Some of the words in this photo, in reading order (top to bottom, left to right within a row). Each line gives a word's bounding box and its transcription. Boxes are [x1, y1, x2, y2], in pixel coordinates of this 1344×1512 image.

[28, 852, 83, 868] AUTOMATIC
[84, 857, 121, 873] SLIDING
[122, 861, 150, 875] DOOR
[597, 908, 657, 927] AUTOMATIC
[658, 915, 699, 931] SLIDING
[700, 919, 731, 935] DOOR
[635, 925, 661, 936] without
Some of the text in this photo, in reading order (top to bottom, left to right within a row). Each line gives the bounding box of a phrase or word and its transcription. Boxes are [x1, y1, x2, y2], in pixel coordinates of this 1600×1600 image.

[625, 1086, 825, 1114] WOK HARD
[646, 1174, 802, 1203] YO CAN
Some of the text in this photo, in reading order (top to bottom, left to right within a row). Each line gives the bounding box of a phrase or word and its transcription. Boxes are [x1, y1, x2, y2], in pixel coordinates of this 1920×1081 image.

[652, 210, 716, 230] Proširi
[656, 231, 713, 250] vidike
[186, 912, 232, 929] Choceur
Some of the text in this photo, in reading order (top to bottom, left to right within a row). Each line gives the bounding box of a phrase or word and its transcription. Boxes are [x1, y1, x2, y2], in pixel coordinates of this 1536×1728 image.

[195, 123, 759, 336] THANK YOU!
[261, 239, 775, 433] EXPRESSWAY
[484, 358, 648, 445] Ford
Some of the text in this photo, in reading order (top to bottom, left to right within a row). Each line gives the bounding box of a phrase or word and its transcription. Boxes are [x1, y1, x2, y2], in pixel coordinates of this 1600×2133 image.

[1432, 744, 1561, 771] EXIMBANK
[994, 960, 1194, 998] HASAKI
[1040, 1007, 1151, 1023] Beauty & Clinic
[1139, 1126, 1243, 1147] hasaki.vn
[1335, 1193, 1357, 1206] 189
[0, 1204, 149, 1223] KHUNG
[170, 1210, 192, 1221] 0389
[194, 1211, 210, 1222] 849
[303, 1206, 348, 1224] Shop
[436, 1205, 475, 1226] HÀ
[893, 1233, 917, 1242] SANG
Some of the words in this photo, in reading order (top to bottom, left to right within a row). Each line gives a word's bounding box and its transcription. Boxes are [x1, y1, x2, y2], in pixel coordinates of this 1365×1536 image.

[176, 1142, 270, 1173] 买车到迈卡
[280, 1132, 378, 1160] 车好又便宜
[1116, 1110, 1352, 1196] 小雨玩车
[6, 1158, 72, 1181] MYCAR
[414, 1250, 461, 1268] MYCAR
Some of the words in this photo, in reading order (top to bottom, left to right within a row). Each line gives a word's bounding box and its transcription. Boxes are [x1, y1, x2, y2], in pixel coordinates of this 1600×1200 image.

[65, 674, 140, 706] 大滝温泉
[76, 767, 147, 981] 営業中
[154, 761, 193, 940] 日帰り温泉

- - - - -

» **WHAT YOU ARE ASKED TO DO**
Exactly the lines from the one with "this 1600×2133 image." through the end of the entries, both included, should be written out, and no others.

» **REPLY TO THE EXERCISE**
Some of the text in this photo, in reading order (top to bottom, left to right within a row). Each line gives the bounding box of a phrase or word and its transcription. Boxes are [x1, y1, x2, y2], in pixel coordinates of this 1600×2133 image.

[1432, 744, 1561, 771] EXIMBANK
[994, 960, 1194, 998] HASAKI
[1040, 1007, 1151, 1023] Beauty & Clinic
[1139, 1126, 1243, 1147] hasaki.vn
[1335, 1193, 1357, 1206] 189
[0, 1204, 149, 1223] KHUNG
[170, 1210, 192, 1221] 0389
[194, 1211, 210, 1222] 849
[303, 1206, 348, 1224] Shop
[436, 1205, 475, 1226] HÀ
[893, 1233, 917, 1242] SANG
Some of the words in this photo, in reading order (top to bottom, left to right within a row). Each line gives a word's bounding box and its transcription. Boxes are [x1, y1, x2, y2], in pixel coordinates of this 1365×1536 image.

[176, 1142, 270, 1173] 买车到迈卡
[280, 1132, 378, 1160] 车好又便宜
[1116, 1110, 1352, 1196] 小雨玩车
[6, 1158, 72, 1181] MYCAR
[414, 1250, 461, 1268] MYCAR
Some of the words in this photo, in reading order (top to bottom, left to right within a row). Each line gives a word's bounding box and its transcription. Boxes are [x1, y1, x2, y2], in pixel coordinates of this 1600×1200 image.

[65, 674, 140, 706] 大滝温泉
[76, 767, 147, 981] 営業中
[154, 761, 193, 940] 日帰り温泉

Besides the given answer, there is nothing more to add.